What to do ->
Write the data out again, character for character, with no images.

--- Input material Enclosed Below ---

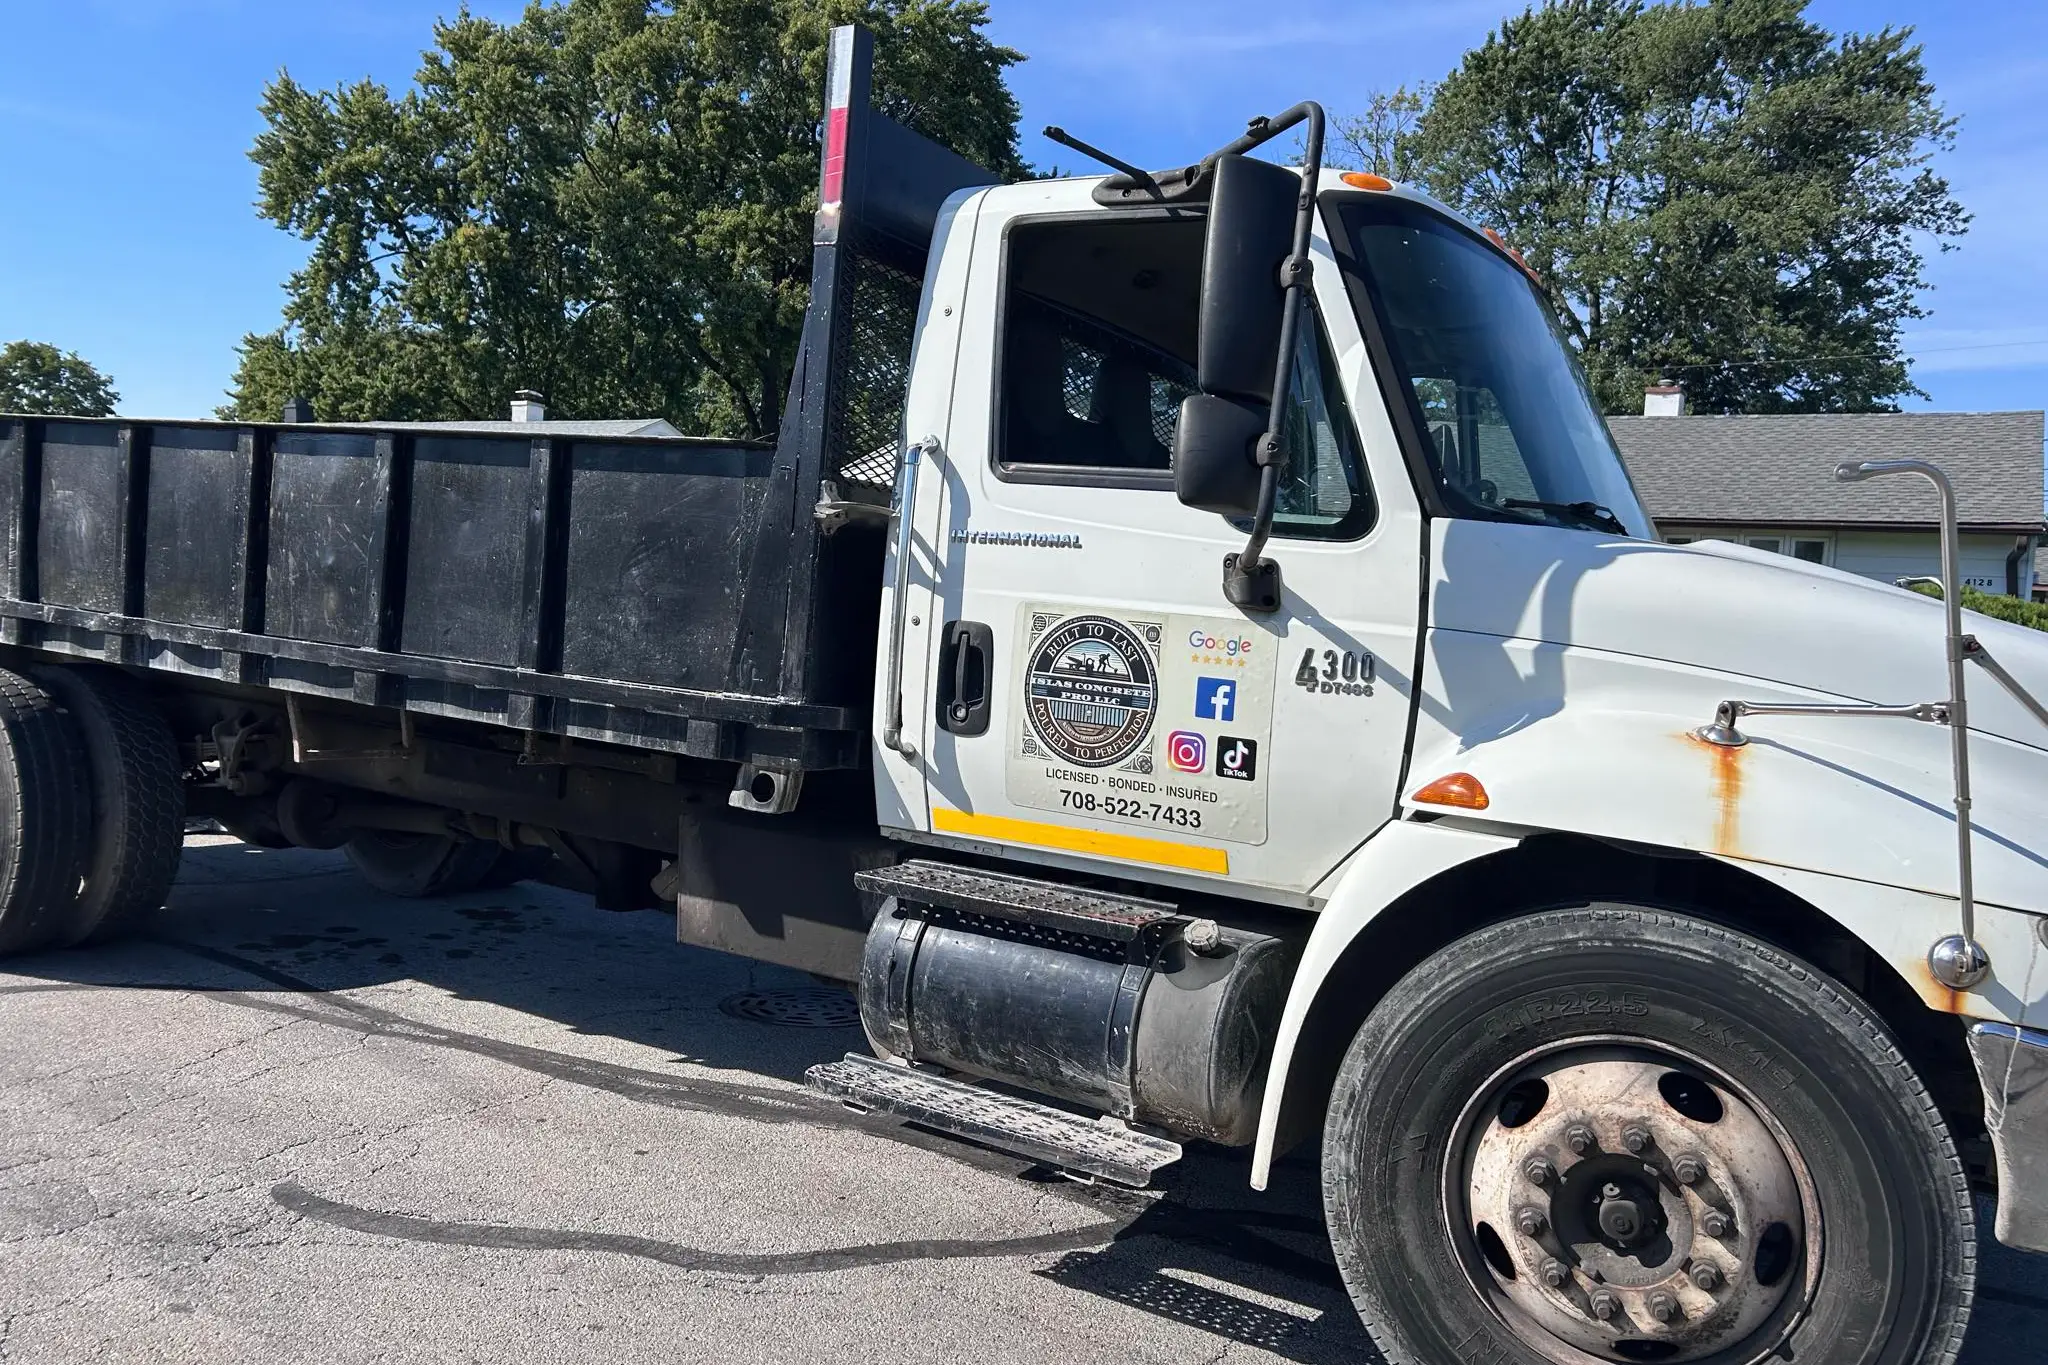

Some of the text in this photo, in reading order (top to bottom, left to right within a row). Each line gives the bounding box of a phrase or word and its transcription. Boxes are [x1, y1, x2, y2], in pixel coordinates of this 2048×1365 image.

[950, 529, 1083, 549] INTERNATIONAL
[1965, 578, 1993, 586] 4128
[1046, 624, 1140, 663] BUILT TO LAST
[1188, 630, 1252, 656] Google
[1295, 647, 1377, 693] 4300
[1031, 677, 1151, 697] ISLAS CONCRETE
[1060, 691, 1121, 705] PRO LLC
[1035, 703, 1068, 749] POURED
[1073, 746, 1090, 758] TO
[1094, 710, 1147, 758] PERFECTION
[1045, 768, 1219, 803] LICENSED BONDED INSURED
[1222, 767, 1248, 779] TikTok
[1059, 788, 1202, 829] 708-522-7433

--- End of Enclosed Input material ---

Exercise output ->
Some of the text in this photo, in reading order (top to bottom, left to right within a row). Each line gives the bounding box of a phrase or word and its transcription. Boxes are [x1, y1, x2, y2], in pixel coordinates of this 2048×1365 image.

[950, 529, 1083, 549] INTERNATIONAL
[1965, 578, 1993, 586] 4128
[1046, 624, 1140, 663] BUILT TO LAST
[1188, 630, 1252, 656] Google
[1295, 647, 1377, 693] 4300
[1031, 677, 1151, 697] ISLAS CONCRETE
[1060, 691, 1121, 705] PRO LLC
[1035, 703, 1068, 749] POURED
[1073, 746, 1090, 758] TO
[1094, 710, 1147, 758] PERFECTION
[1045, 768, 1219, 803] LICENSED BONDED INSURED
[1222, 767, 1248, 779] TikTok
[1059, 788, 1202, 829] 708-522-7433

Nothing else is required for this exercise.